NEXPOVIO blocks the nuclear export of tumor suppressor, growth regulatory and

anti-inflammatory proteins, leading to accumulation of these proteins in the

nucleus and enhancing their anti-cancer activity in the cell. The forced

nuclear retention of these proteins can counteract a multitude of the oncogenic

pathways that, unchecked, allow cancer cells with severe DNA damage to continue

to grow and divide in an unrestrained fashion. NEXPOVIO has been granted

conditional marketing authorization by the European Commission in combination

with dexamethasone for the treatment of multiple myeloma in adult patients who

have received at least four prior therapies and whose disease is refractory to

at least two proteasome inhibitors, two immunomodulatory agents, and an

anti-CD38 monoclonal antibody, and who have demonstrated disease progression on

the last therapy.

 

Therapeutic indication for NEXPOVIO in the EU Member States as well as Iceland,

Liechtenstein, Norway and Northern Ireland.  NEXPOVIO is also approved in the

UK under a Conditional Marketing Authorisation.

 

NEXPOVIO is indicated in combination with dexamethasone for the treatment of

multiple myeloma in adult patients who have received at least four prior

therapies and whose disease is refractory to at least two proteasome

inhibitors, two immunomodulatory agents and an anti-CD38 monoclonal antibody,

and who have demonstrated disease progression on the last therapy.

 

IMPORTANT SAFETY INFORMATION

 

Contraindications: Hypersensitivity to selinexor.

 

Special warnings and precautions for use:

 

Recommended concomitant treatments

 

Patients should be advised to maintain adequate fluid and caloric intake

throughout treatment. Intravenous hydration should be considered for patients

at risk of dehydration.

 

Prophylactic concomitant treatment with a 5-HT3 antagonist and/or other

anti-nausea agents should be provided prior to and during treatment with

NEXPOVIO.

 

Haematology:

 

Patients should have their complete blood counts (CBC) assessed at baseline,

during treatment, and as clinically indicated. Monitor more frequently during

the first two months of treatment.

 

Thrombocytopenia:

 

Thrombocytopenic events (thrombocytopenia and platelet count decreased) were

frequently reported in adult patients receiving selinexor, which can be severe

(Grade 3/4). Patients should be monitored for signs and symptoms of bleeding

and evaluated promptly.

 

Neutropenia:

 

Severe neutropenia (Grade 3/4) has been reported with selinexor.

 

Patients with neutropenia should be monitored for signs of infection and

evaluated promptly.

 

Gastrointestinal toxicity:

 

Nausea, vomiting, diarrhoea, which sometimes can be severe and may require the

use of anti-emetic and anti-diarrhoeal medicinal products.

 

Weight loss and anorexia:

 

Patients should have their body weight, nutritional status and volume checked

at baseline, during treatment, and as clinically indicated. Monitoring should

be more frequent during the first two months of treatment.

 

Confusional state and dizziness:

 

Patients should be instructed to avoid situations where dizziness or

confusional state may be a problem and to not take other medicinal products

that may cause dizziness or confusional state without adequate medical advice.

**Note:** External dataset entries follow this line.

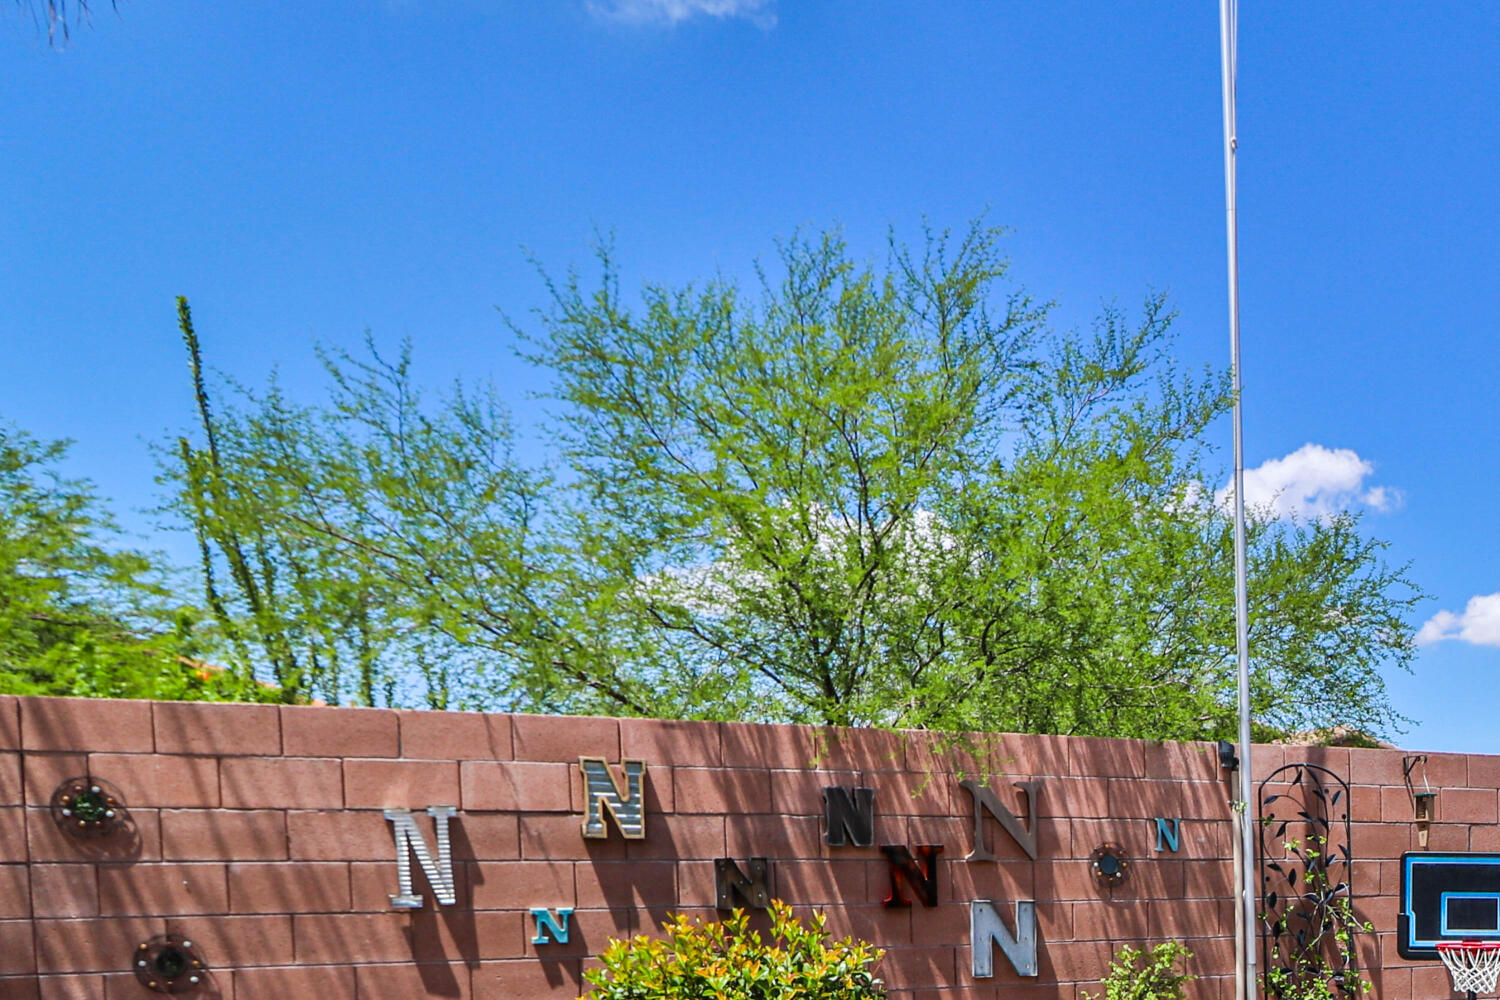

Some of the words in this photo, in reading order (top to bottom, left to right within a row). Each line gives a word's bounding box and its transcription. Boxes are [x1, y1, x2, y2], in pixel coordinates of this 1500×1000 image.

[579, 755, 646, 839] N
[822, 786, 875, 846] N
[958, 780, 1043, 862] N
[384, 805, 457, 908] N
[1154, 818, 1181, 852] N
[714, 857, 768, 909] N
[881, 845, 944, 907] N
[529, 907, 574, 944] N
[970, 900, 1038, 977] N

Patients should be advised not to drive or operate heavy machinery until

symptoms resolve.

 

Hyponatraemia:

 

Patients should have their sodium levels checked at baseline, during treatment,

and as clinically indicated. Monitoring should be more frequent during the

first two months of treatment.

 

Tumour lysis syndrome (TLS):

 

TLS has been reported in patients receiving therapy with selinexor. Patients at

a high risk for TLS should be monitored closely. Treat TLS promptly in

accordance with institutional guidelines.

 

Fertility, pregnancy and lactation

 

Women of childbearing potential/contraception in males and females:

 

Women of childbearing potential and male adult patients of reproductive

potential should be advised to use effective contraceptive measures or abstain

from sexual intercourse while being treated with selinexor and for at least 1

week following the last dose of selinexor.

 

Pregnancy:

 

There are no data from the use of selinexor in pregnant women.  Selinexor is

not recommended during pregnancy and in women of childbearing potential not

using contraception.

 

Breast-feeding:

 

It is unknown whether selinexor or its metabolites are excreted in human milk.

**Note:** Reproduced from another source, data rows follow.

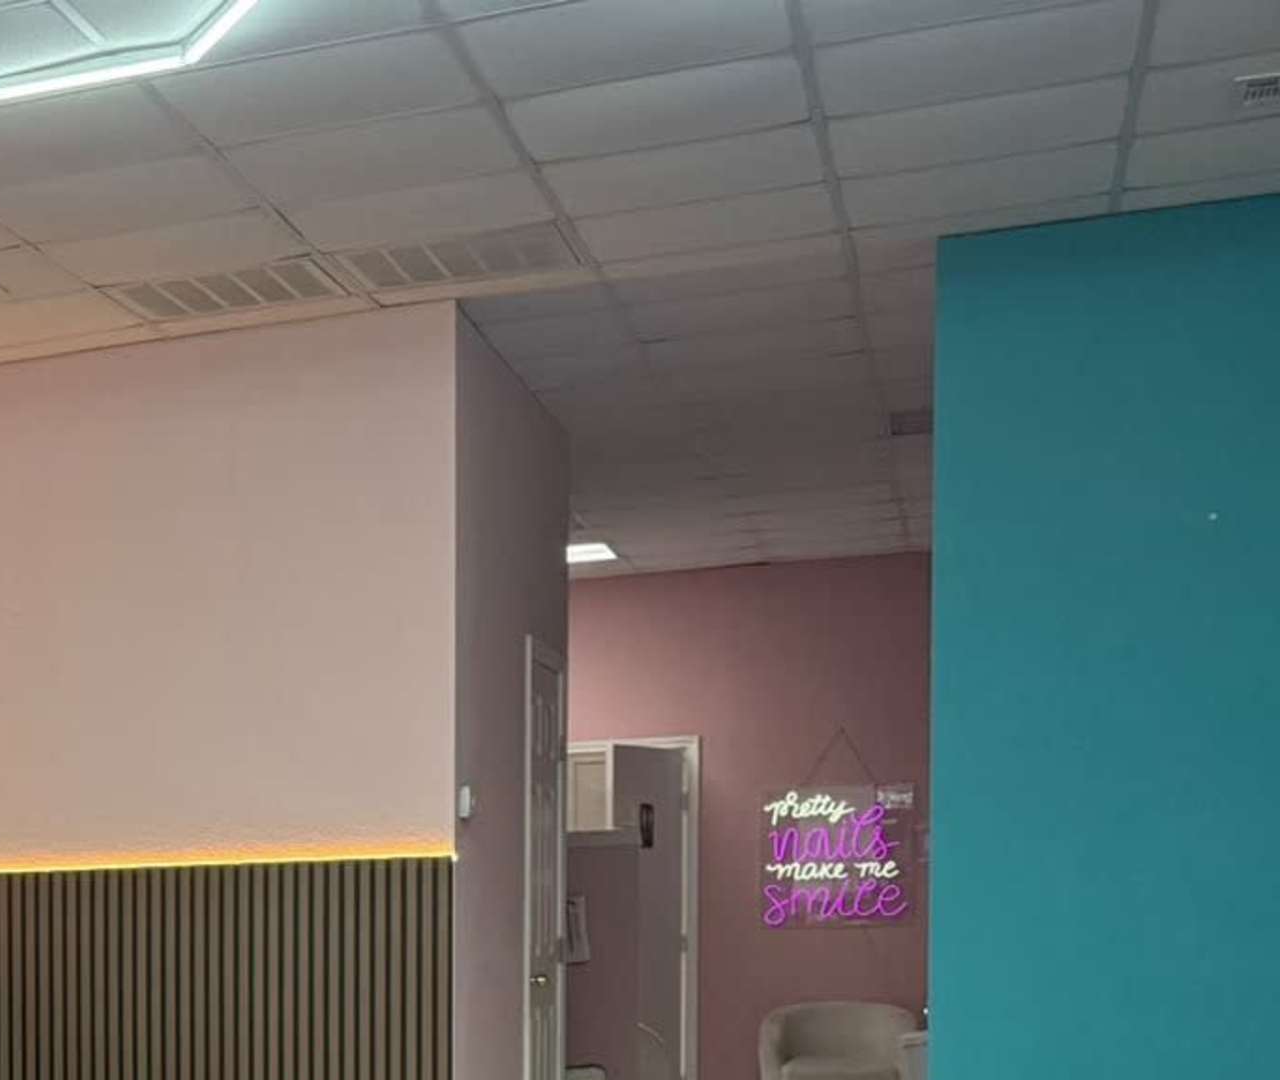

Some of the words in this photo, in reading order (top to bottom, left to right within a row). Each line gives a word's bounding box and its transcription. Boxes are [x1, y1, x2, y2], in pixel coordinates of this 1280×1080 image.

[763, 791, 856, 826] pretty
[768, 804, 900, 863] nails
[765, 861, 848, 880] make
[854, 860, 899, 879] me
[763, 877, 908, 926] smile

A risk to breast-fed children cannot be excluded. Breast-feeding should be

discontinued during treatment with selinexor and for 1 week after the last dose.

 

Undesirable effects

 

Summary of the safety profile

 

The most frequent adverse reactions (greater than or equal to 30%) of selinexor

in combination with dexamethasone were nausea, thrombocytopenia, fatigue,

anaemia, decreased appetite, decreased weight, diarrhea, vomiting,

hyponatraemia, neutropenia and leukopenia.

 

The most commonly reported serious adverse reactions (greater than or equal to  

3%) were pneumonia, sepsis, thrombocytopenia, acute kidney injury, and anaemia.

 

Description of selected adverse reactions

 

Infections: Infection was the most common non-haematological toxicity. Upper

respiratory tract infection and pneumonia were the most commonly reported

infections with 25% of reported infections being serious and fatal infections

occurring in 3% of treated adult patients.

 

Elderly population

 

Patients 75 years and older had a higher incidence of discontinuation due to an

adverse reaction, higher incidence of serious adverse reactions, and higher

incidence of fatal adverse reactions.

 

Reporting of suspected adverse reactions

 

Reporting of suspected adverse reactions after authorization of the medicinal

product is important. It allows continued monitoring of the benefit/risk

balance of the medicinal product. Healthcare professionals are asked to report

any suspected adverse reactions via the national reporting system listed in

Appendix V.

 

Please see NEXPOVIO Summary of Product Characteristics and European Public

Assessment Report at

https://ec.europa.eu/health/documents/community-register/html/h1537.htm

 

About Karyopharm Therapeutics

 

Karyopharm Therapeutics Inc. (Nasdaq: KPTI) is a commercial-stage

pharmaceutical company pioneering novel cancer therapies. Since its founding,

Karyopharm has been the industry leader in oral Selective Inhibitor of Nuclear

Export (SINE) compound technology, which was developed to address a fundamental

mechanism of oncogenesis: nuclear export dysregulation. Karyopharm's lead SINE

compound and first-in-class, oral exportin 1 (XPO1) inhibitor, XPOVIO(R)

(selinexor), is approved in the U.S. and marketed by the Company in three

oncology indications and has received regulatory approvals in various

indications in a growing number of ex-U.S. territories and countries, including

Europe and the United Kingdom (as NEXPOVIO(R)), China and Singapore. Karyopharm

has a focused pipeline targeting multiple high unmet need cancer indications,

including in endometrial cancer, myelodysplastic syndromes and myelofibrosis.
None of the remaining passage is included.